▶ **Problem to work on**:
Only the lines from the line with "this 1771×1181 image." through the end of the records belong in your reply, copied exactly, with every picture left out.

Data entries:
= Beginning of Section =

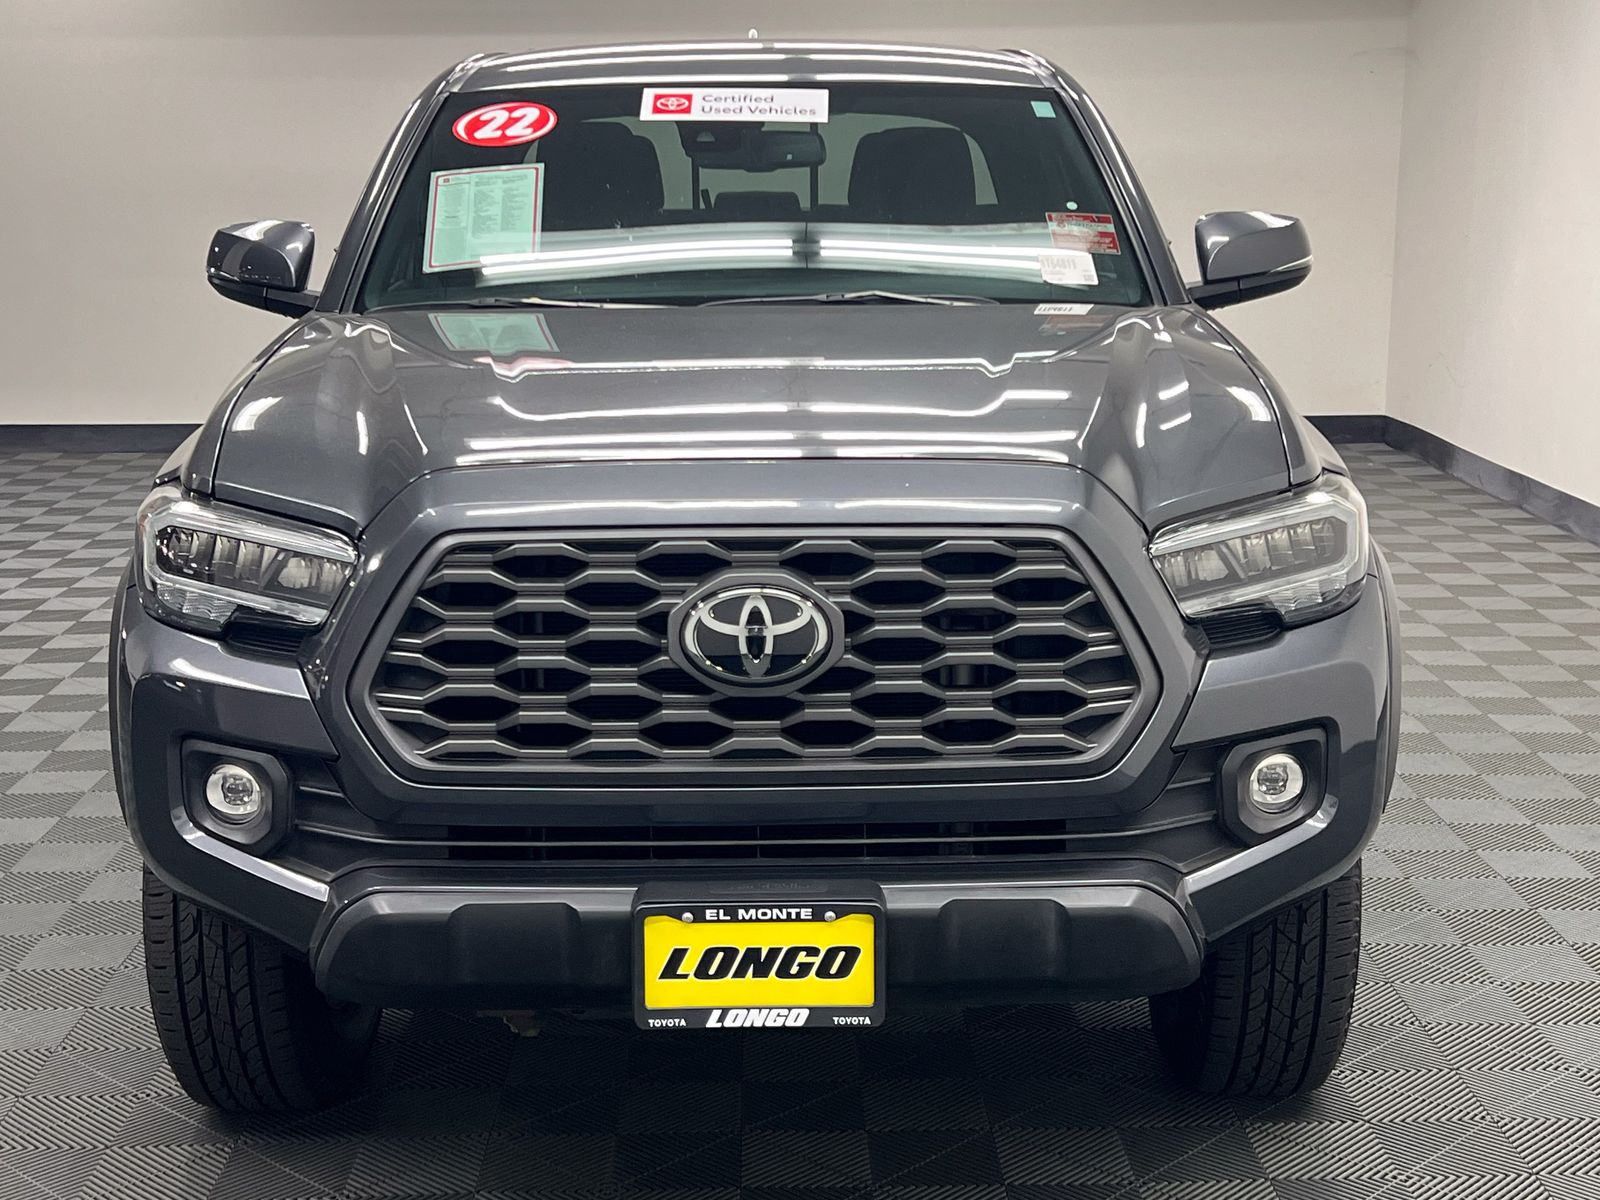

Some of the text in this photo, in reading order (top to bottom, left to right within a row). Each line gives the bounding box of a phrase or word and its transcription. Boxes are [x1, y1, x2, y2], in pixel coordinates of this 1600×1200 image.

[702, 94, 774, 104] Certified
[701, 105, 817, 116] Used Vehicles
[473, 107, 541, 139] 22
[705, 908, 813, 921] EL MONTE
[657, 945, 863, 981] LONGO
[648, 1018, 687, 1028] TOYOTA
[705, 1008, 809, 1028] LONGO
[832, 1016, 871, 1026] TOYOTA
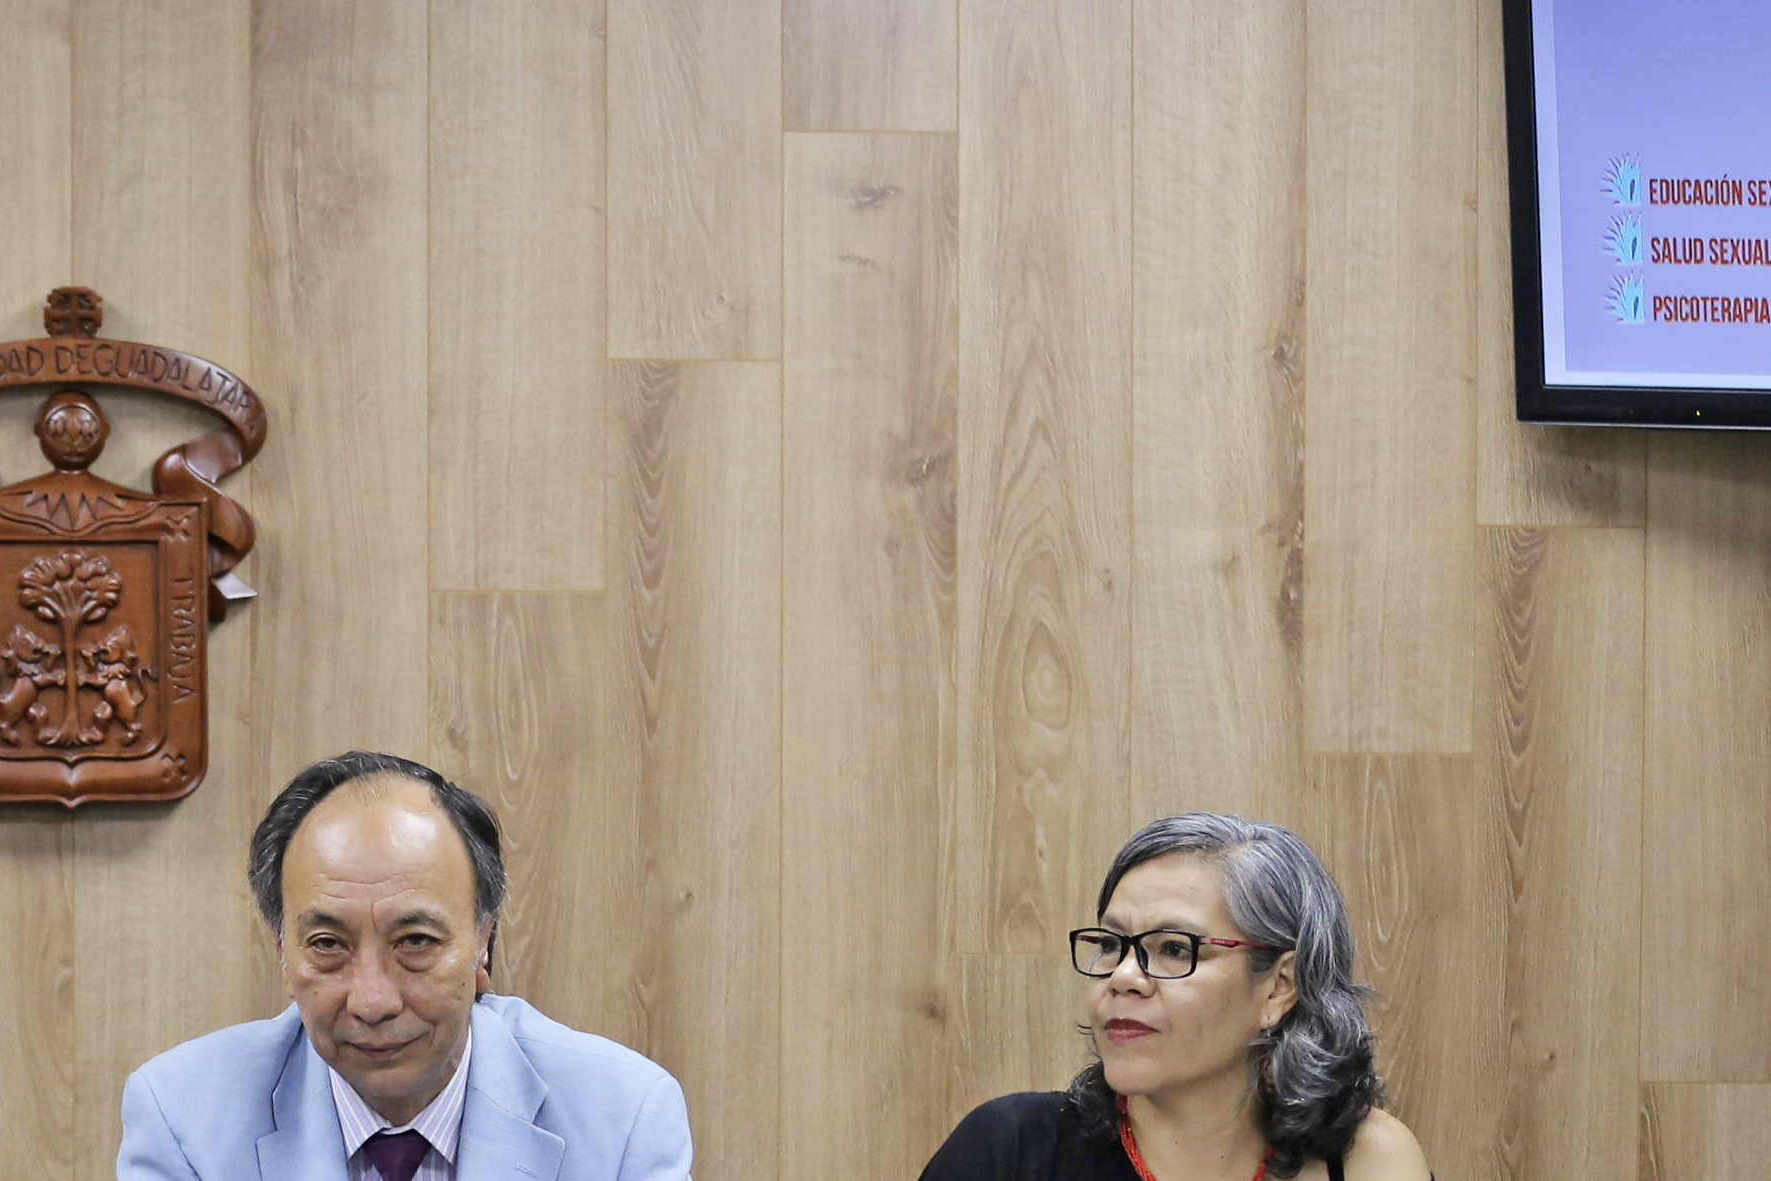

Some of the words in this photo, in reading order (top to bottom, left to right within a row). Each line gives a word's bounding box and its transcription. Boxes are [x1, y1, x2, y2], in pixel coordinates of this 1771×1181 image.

[1649, 174, 1742, 205] EDUCACIÓN
[1748, 180, 1771, 206] SE
[1651, 238, 1704, 264] SALUD
[1709, 238, 1771, 266] SEXUAL
[1653, 296, 1770, 323] PSICOTERAPIA
[55, 344, 91, 374] DE
[167, 576, 196, 703] TRABAJA
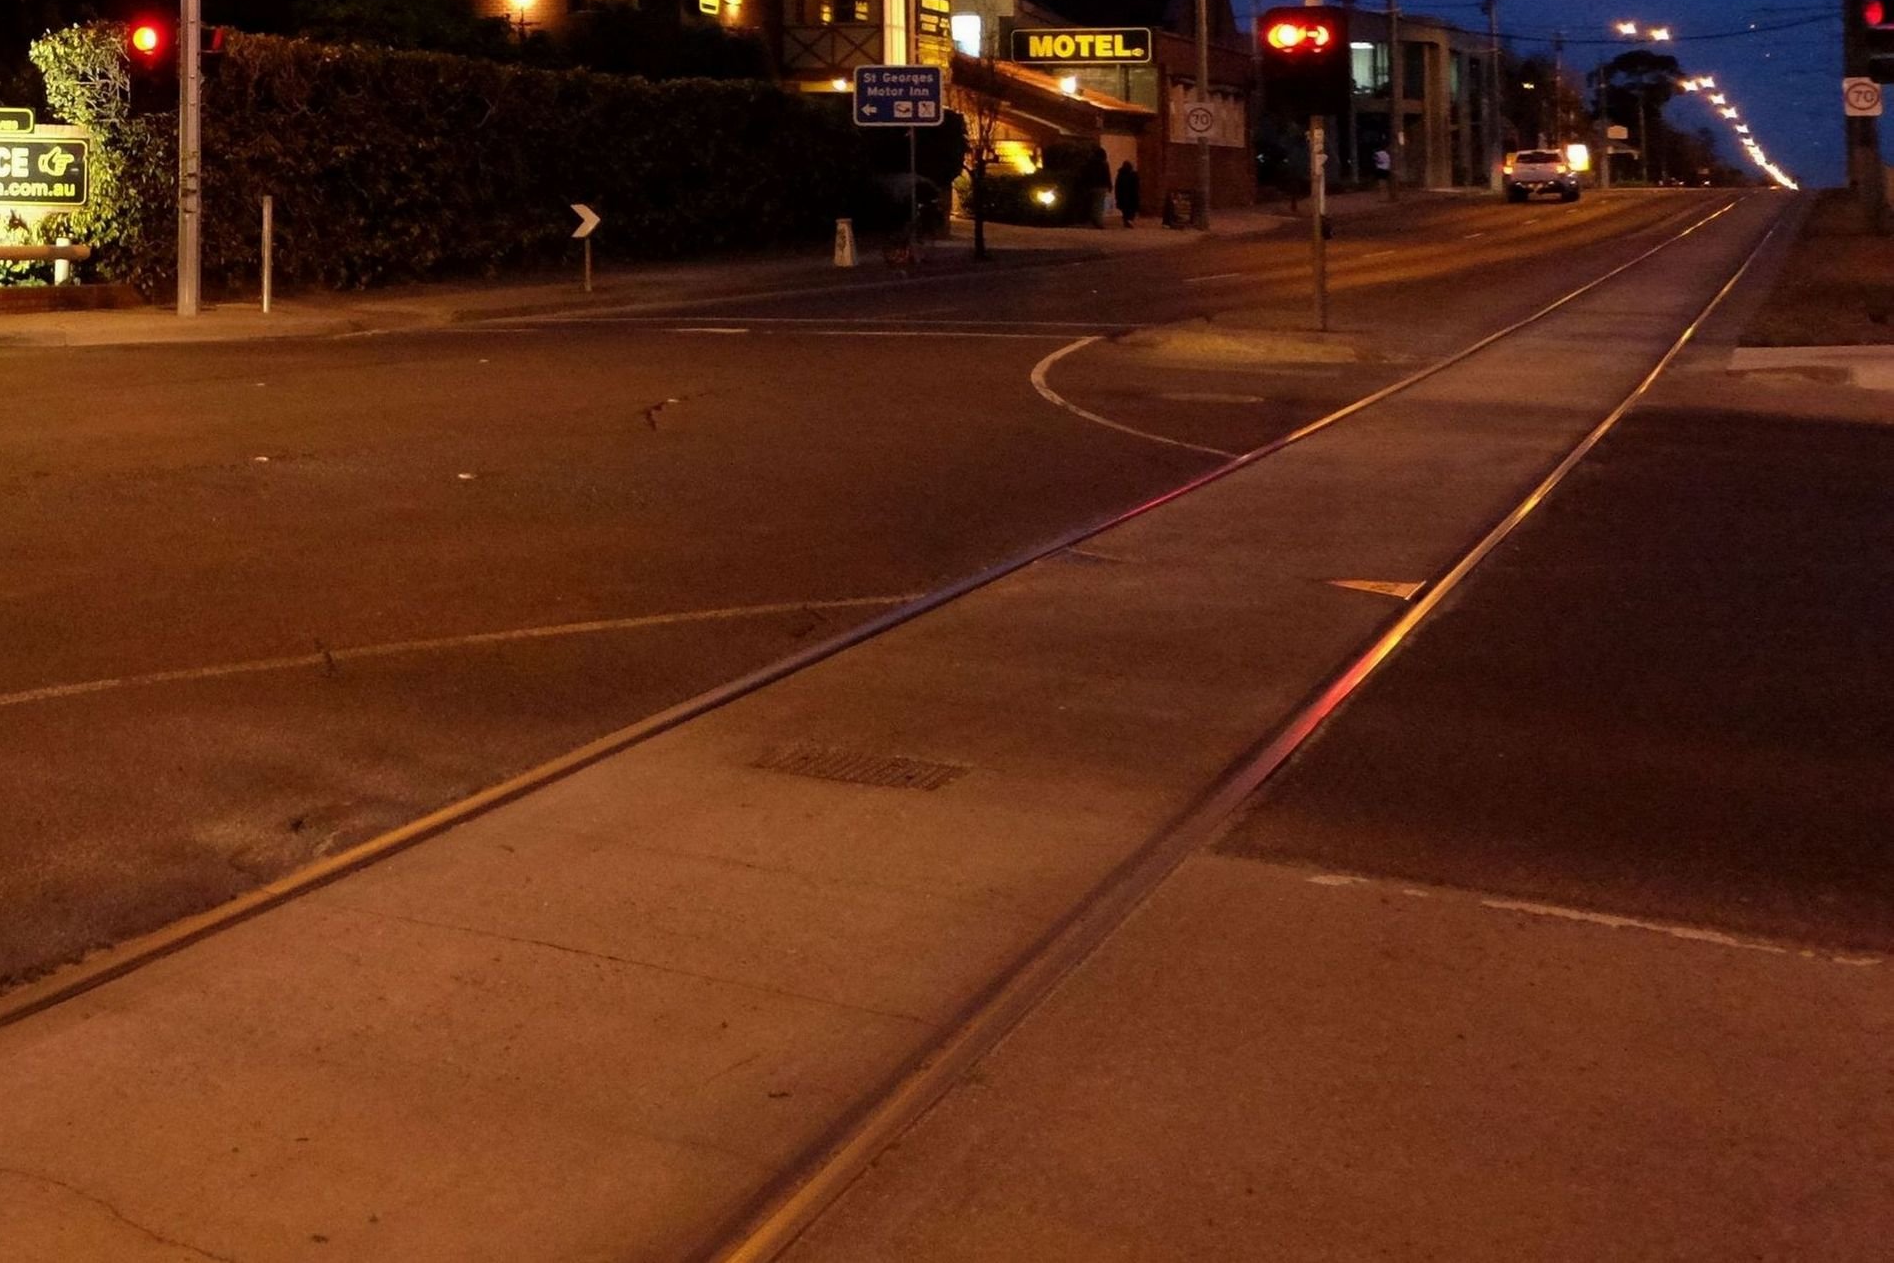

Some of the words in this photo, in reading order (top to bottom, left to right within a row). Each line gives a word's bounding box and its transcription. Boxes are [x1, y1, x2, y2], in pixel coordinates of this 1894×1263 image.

= End of Section =

▶ **Solved problem**:
Some of the words in this photo, in reading order (top to bottom, left to right within a row). Each line gives a word's bounding box and its transcription. Boxes are [x1, y1, x2, y2], in pixel coordinates of this 1771×1181 image.

[1649, 174, 1742, 205] EDUCACIÓN
[1748, 180, 1771, 206] SE
[1651, 238, 1704, 264] SALUD
[1709, 238, 1771, 266] SEXUAL
[1653, 296, 1770, 323] PSICOTERAPIA
[55, 344, 91, 374] DE
[167, 576, 196, 703] TRABAJA

Some of the words in this photo, in reading order (top to bottom, left to right within a row). Each line gives a word's bounding box and its transcription. Boxes are [x1, y1, x2, y2], in pixel coordinates of this 1894×1263 image.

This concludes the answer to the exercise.